Lopes in 111 at-bats he had one home run and drove in 12 runs along with six stolen bases. His batting average was .270; pretty good for the first time in the major leagues. Whether Lopes will make the Mariners roster coming out of spring training in 2020 or not, he has shown he does belong in the major leagues.
Shed Long and Kyle Lewis played almost every game in September, showing they will be in the rebuild of 2020 and should be on the Mariners when the team is competing for the playoffs. During September, Long primarily played in left field because the Mariners wanted to see how he could play in the outfield. Most of his time next year will probably be at second base along with an occasional game at third.
Depending on whether the Mariners trade second baseman Dee Gordon or not will decide how much Long will play second base. The Mariners are hoping Long will be in the lineup on a regular basis though he could split time between second, third and left field.
Long spent most of his time with Seattle in September though he was on the team in May when Dee Gordon was on the injured list. In his time with Seattle, he batted .263 with an on-base percentage of .333. In September the Mariners used him in the lead-off spot where he did a good job. Whether he will be at lead-off in the future only time will tell.
Kyle Lewis came up in September when the Arkansas Travelers season ended in the Texas League playoffs. He showed he is ready to play for the Mariners by hitting six home runs in his first ten games, a major league record. He ended up with a batting average of .268.
Most of the time he played in right field. However, next season with the return of Mitch Haniger he will probably play in center or left field. Unless Haniger is traded during the off-season, the outfield could look like Kyle Lewis, Jake Fraley, and Mitch Haniger.
The outfield should be a bright spot next year in the rebuild. Outside of September, there wasn’t much to say about the outfield other than infielders playing the outfield.
JP Crawford did a good job at shortstop when he was called up in May. He showed his spot in the rebuild is working. His hitting was up and down with a final batting of .226 with seven home runs.
He hit in the second spot of the lineup most of the season showing he belonged there. He had 21 doubles on the season, which is a good showing, especially playing in T-Mobile Park. His fielding was good and should be improved in his second season with the Mariners. At this point, he will be the Mariners shortstop.
In the starting pitching, Marco Gonzales was the bright spot winning 16 games though he could have had 18 wins if the Mariners had any offense in his last two starts.
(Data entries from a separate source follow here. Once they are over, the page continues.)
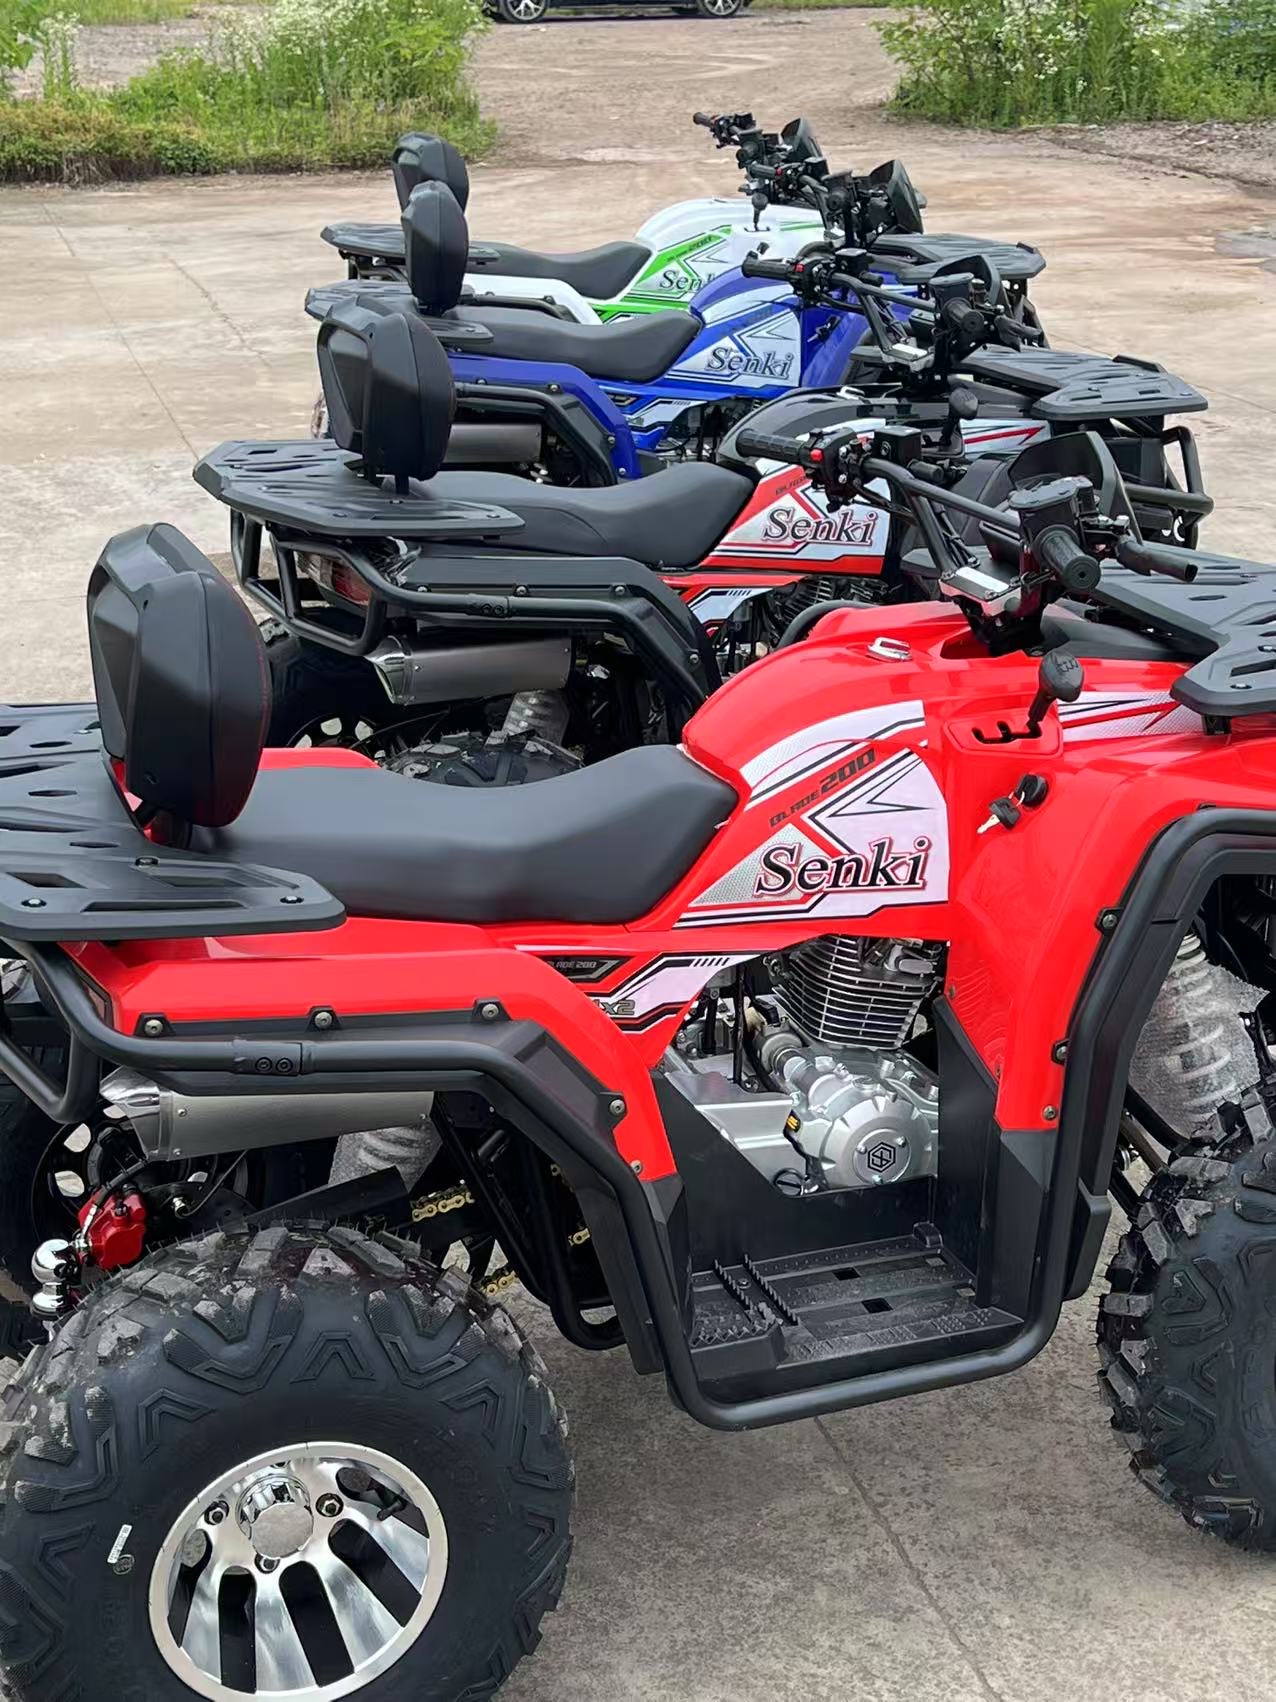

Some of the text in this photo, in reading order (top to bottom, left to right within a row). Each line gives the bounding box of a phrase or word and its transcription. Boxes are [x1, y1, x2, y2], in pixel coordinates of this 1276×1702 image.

[707, 348, 793, 380] Senki
[763, 507, 878, 546] Senki
[769, 749, 875, 828] BLADE 200
[755, 837, 931, 898] Senki
[575, 960, 597, 968] 200
Yusei Kikuchi didn’t have a good rookie season; however, I hope he will be a bright spot in the rotation next year along with Justus Sheffield and Justin Dunn both showing promise in September.
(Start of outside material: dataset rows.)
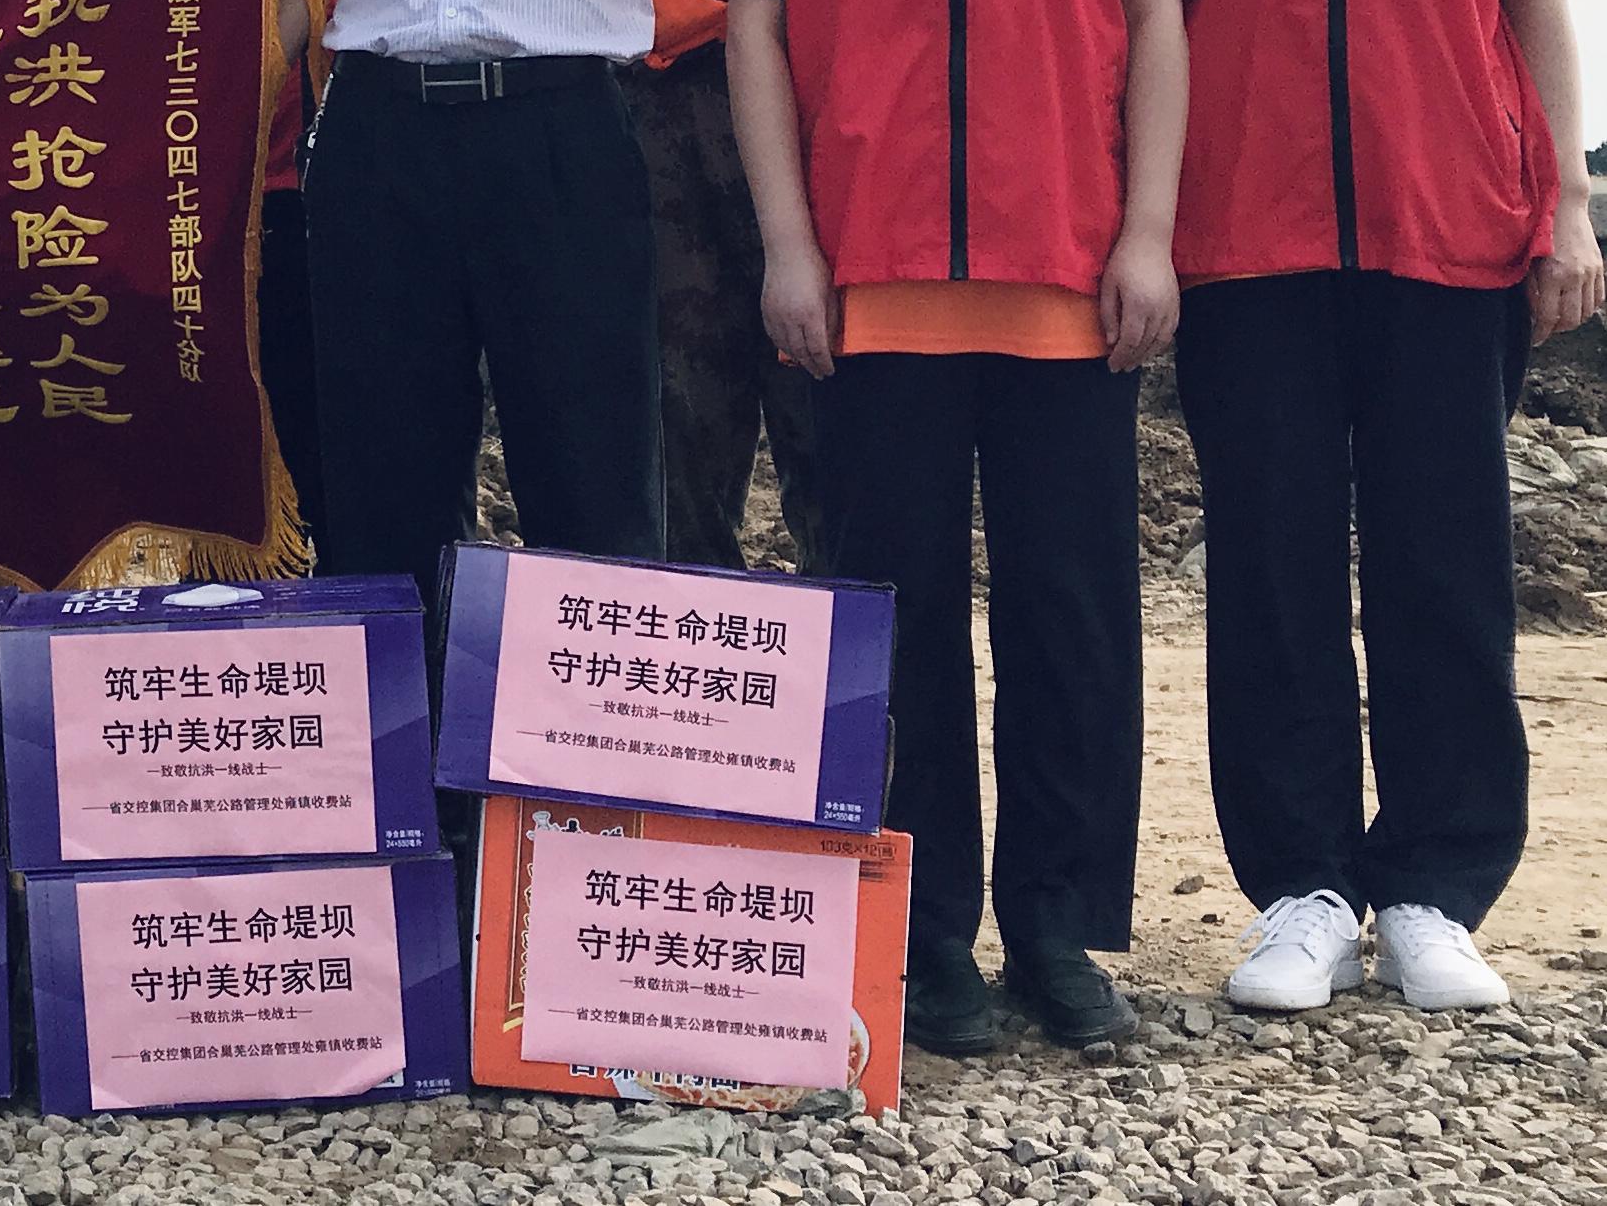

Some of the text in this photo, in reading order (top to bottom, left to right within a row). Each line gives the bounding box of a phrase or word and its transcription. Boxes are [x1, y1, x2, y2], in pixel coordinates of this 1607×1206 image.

[557, 593, 787, 657] 筑牢生命堤坝
[104, 662, 328, 702] 筑牢生命堤坝
[548, 647, 778, 709] 守护美好家园
[102, 714, 323, 755] 守护美好家园
[585, 869, 815, 925] 筑牢生命堤坝
[132, 903, 356, 949] 筑牢生命堤坝
[577, 924, 806, 979] 守护美好家园
[130, 957, 352, 1002] 守护美好家园
The Mariners bullpen wasn’t good at all in the first half of the season for the reason all were gone when the second half happened. The bullpen did a much better job after the all-star break. Erik Swanson a former starter showed he can be a good reliever out of the bullpen.
Brandon Brennan when healthy was a good surprise with the Mariners acquiring him in the Rule 5 draft. Austin Adams showed his stuff and enthusiasm when healthy, unfortunately, he will be lost for a while having to undergo ACL surgery during the off-season.
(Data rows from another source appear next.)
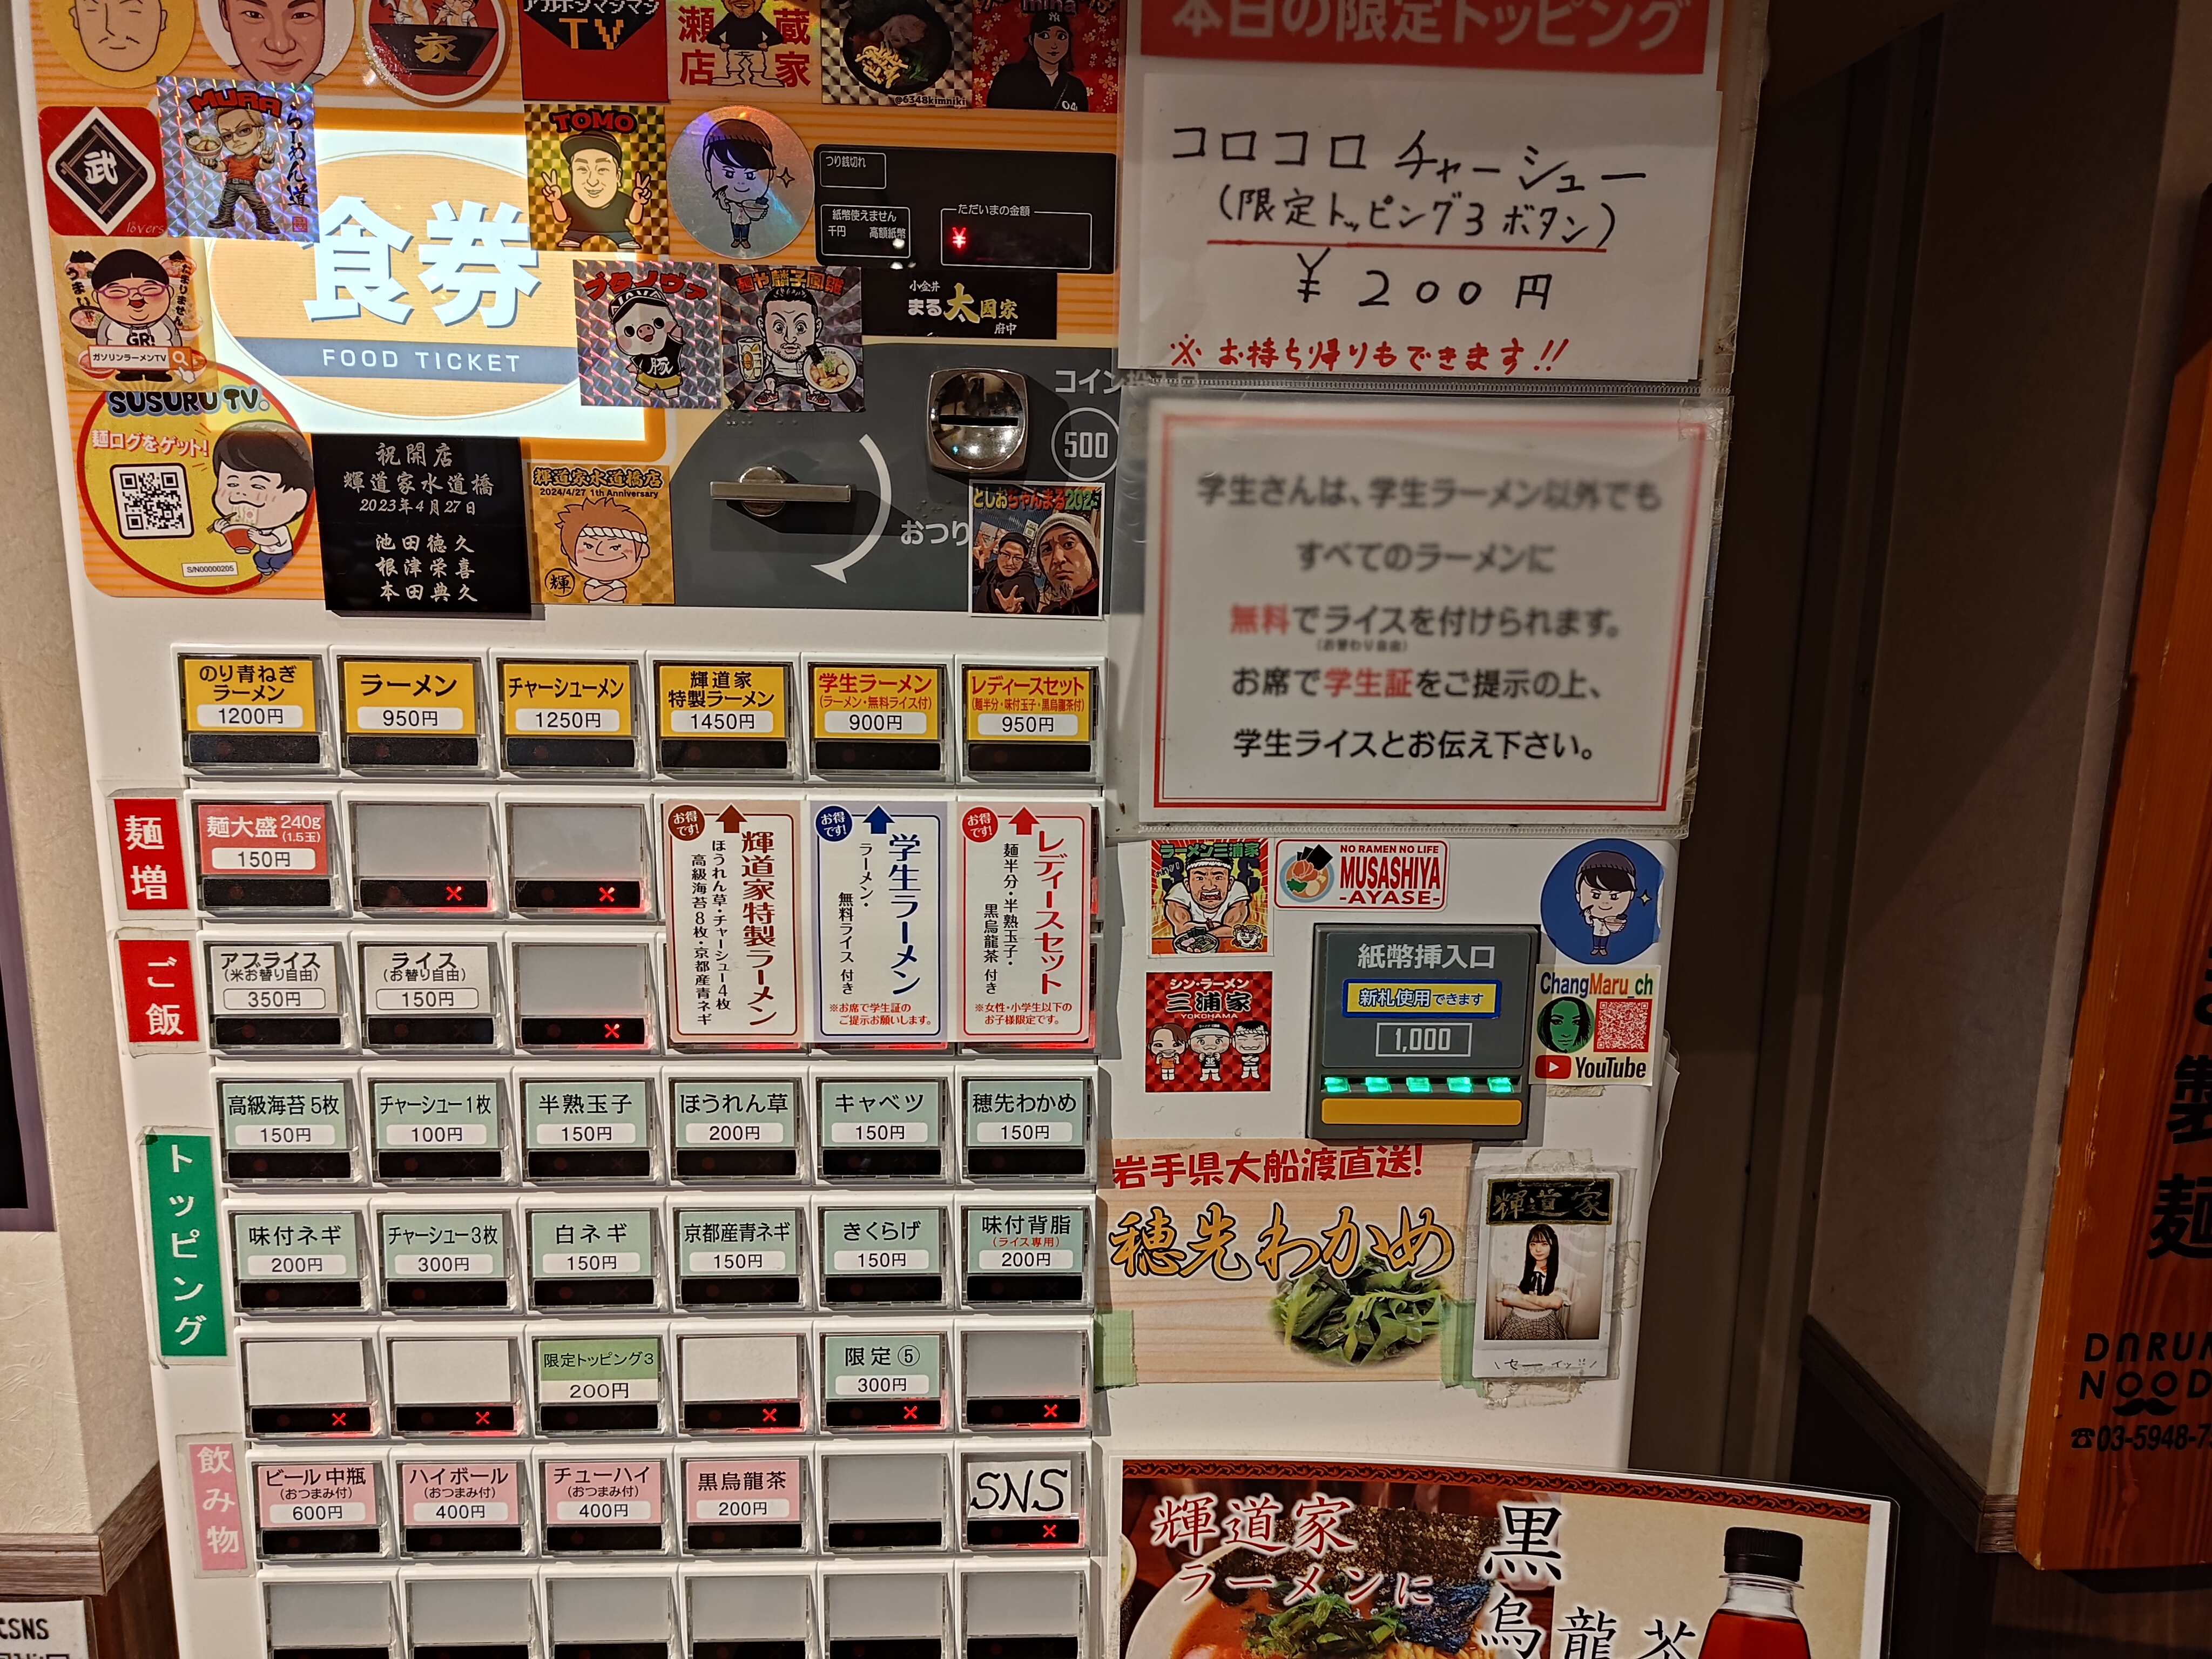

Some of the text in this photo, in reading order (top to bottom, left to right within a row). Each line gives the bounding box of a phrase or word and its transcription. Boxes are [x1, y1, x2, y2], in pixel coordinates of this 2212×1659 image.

[559, 18, 624, 50] TV
[414, 32, 462, 64] 家
[187, 89, 281, 118] MURA
[552, 111, 636, 133] TOMO
[287, 104, 311, 208] らーめん道
[826, 155, 866, 168] つり銭切れ
[84, 150, 117, 185] 武
[832, 209, 897, 222] 紙幣使えません
[958, 204, 1030, 217] ただいまの金額
[126, 222, 164, 233] lovers
[827, 225, 906, 240] 千円 高額紙幣
[302, 195, 540, 327] 食券
[66, 268, 91, 308] うまい
[583, 271, 709, 301] ブタノヴァ
[909, 280, 940, 292] 小金井
[994, 322, 1017, 335] 府中
[92, 353, 167, 363] ガソリンラーメンTV
[323, 348, 521, 372] FOOD TICKET
[646, 357, 673, 375] 豚
[108, 391, 217, 414] SUSURU
[1064, 431, 1109, 458] 500
[343, 471, 494, 496] 輝道家水道橋
[532, 467, 664, 488] 輝道家水道橋店
[540, 489, 585, 497] 2024/4/27
[606, 489, 659, 499] Anniversary
[1298, 541, 1554, 575] すべてのラーメンに
[186, 565, 234, 574] S/N00000205
[199, 665, 298, 684] のり青ねぎ
[360, 673, 457, 697] ラーメン
[690, 671, 753, 690] 輝道家
[819, 673, 933, 694] 学生ラーメン
[1231, 667, 1602, 700] お席で学生証をご提示の上、
[213, 684, 285, 702] ラーメン
[508, 677, 625, 699] チャーシューメン
[972, 675, 1084, 697] レディースセット
[668, 690, 775, 709] 特製ラーメン
[218, 707, 284, 724] 1200円
[383, 710, 439, 727] 950円
[535, 712, 601, 729] 1250円
[691, 713, 755, 730] 1450円
[849, 714, 903, 731] 900円
[1002, 716, 1054, 732] 950円
[1233, 729, 1595, 761] 学生ライスとお伝え下さい。
[207, 814, 322, 839] 麺大盛 240g
[281, 831, 322, 844] (1.5玉)
[124, 814, 168, 901] 麺増
[237, 851, 291, 868] 150円
[1160, 842, 1260, 859] ラーメン三浦家
[1340, 845, 1439, 854] NO RAMEN NO LIFE
[1339, 856, 1441, 890] MUSASHIYA
[888, 833, 921, 995] 学生ラーメン
[1034, 831, 1067, 995] レディースセット
[711, 840, 732, 1010] ほうれん草・チャーシュー4枚
[741, 831, 777, 1026] 輝道家特製ラーメン
[691, 853, 712, 1026] 高級海苔8枚・京都産青ネギ
[220, 952, 322, 970] アブライス
[391, 952, 457, 970] ライス
[1357, 943, 1495, 970] 紙幣挿入口
[145, 956, 184, 1036] ご飯
[247, 991, 301, 1008] 350円
[401, 991, 455, 1008] 150円
[1165, 992, 1252, 1014] 三浦家
[1359, 988, 1484, 1008] 新札使用できます
[839, 1015, 931, 1026] ご提示お願いします。
[984, 1014, 1060, 1026] お子様限定です。
[1395, 1028, 1452, 1053] 1,000
[1575, 1056, 1647, 1079] YouTube
[228, 1095, 340, 1116] 高級海苔5枚
[380, 1094, 491, 1115] チャーシュー1枚
[538, 1093, 632, 1115] 半熟玉子
[680, 1093, 788, 1114] ほうれん草
[834, 1093, 924, 1114] キャベツ
[972, 1092, 1077, 1114] 穂先わかめ
[260, 1127, 312, 1143] 150円
[411, 1127, 463, 1142] 100円
[562, 1126, 612, 1142] 150円
[709, 1125, 760, 1141] 200円
[855, 1125, 905, 1140] 150円
[1001, 1124, 1050, 1140] 150円
[248, 1225, 342, 1246] 味付ネギ
[388, 1225, 498, 1246] チャーシュー3枚
[556, 1223, 628, 1244] 白ネギ
[684, 1222, 791, 1243] 京都産青ネギ
[843, 1220, 921, 1242] きくらげ
[981, 1215, 1071, 1236] 味付背脂
[168, 1144, 207, 1346] トッピング
[1108, 1201, 1456, 1282] 穂先わかめ
[271, 1257, 323, 1273] 200円
[417, 1256, 470, 1272] 300円
[567, 1255, 617, 1271] 150円
[713, 1254, 763, 1270] 150円
[858, 1253, 907, 1268] 150円
[1002, 1252, 1051, 1267] 200円
[543, 1352, 655, 1368] 限定トッピング3
[569, 1383, 630, 1400] 200円
[857, 1377, 908, 1393] 300円
[2096, 1423, 2212, 1452] 03-5948-7
[409, 1467, 509, 1486] ハイボール
[554, 1466, 651, 1485] チューハイ
[697, 1470, 787, 1492] 黒烏龍茶
[197, 1446, 239, 1554] 飲み物
[970, 1469, 1069, 1513] SNS
[292, 1505, 343, 1521] 600円
[435, 1505, 485, 1520] 400円
[579, 1502, 629, 1518] 400円
[718, 1501, 768, 1516] 200円
[1154, 1494, 1355, 1554] 輝道家
[1178, 1563, 1434, 1604] ラーメンに
At 68 wins I know there are negative spots as well but I won’t get into them. Might as well look at the good things that happened and how things improved over the season though wins may not have improved.
The Mariners can add at least ten games to the win total in 2020 it will show the rebuild is working. I am not guaranteeing ten more wins but it would be nice. The next year 2021 when the Mariners have all or most of their top prospects on the roster we will see what the future will look like and whether the rebuild is a success.
The Oakland A’s showed this year you can’t just be the wild card team the Mariners have to strive to take over the division from Houston. That is the goal to go toward too. Go M’s.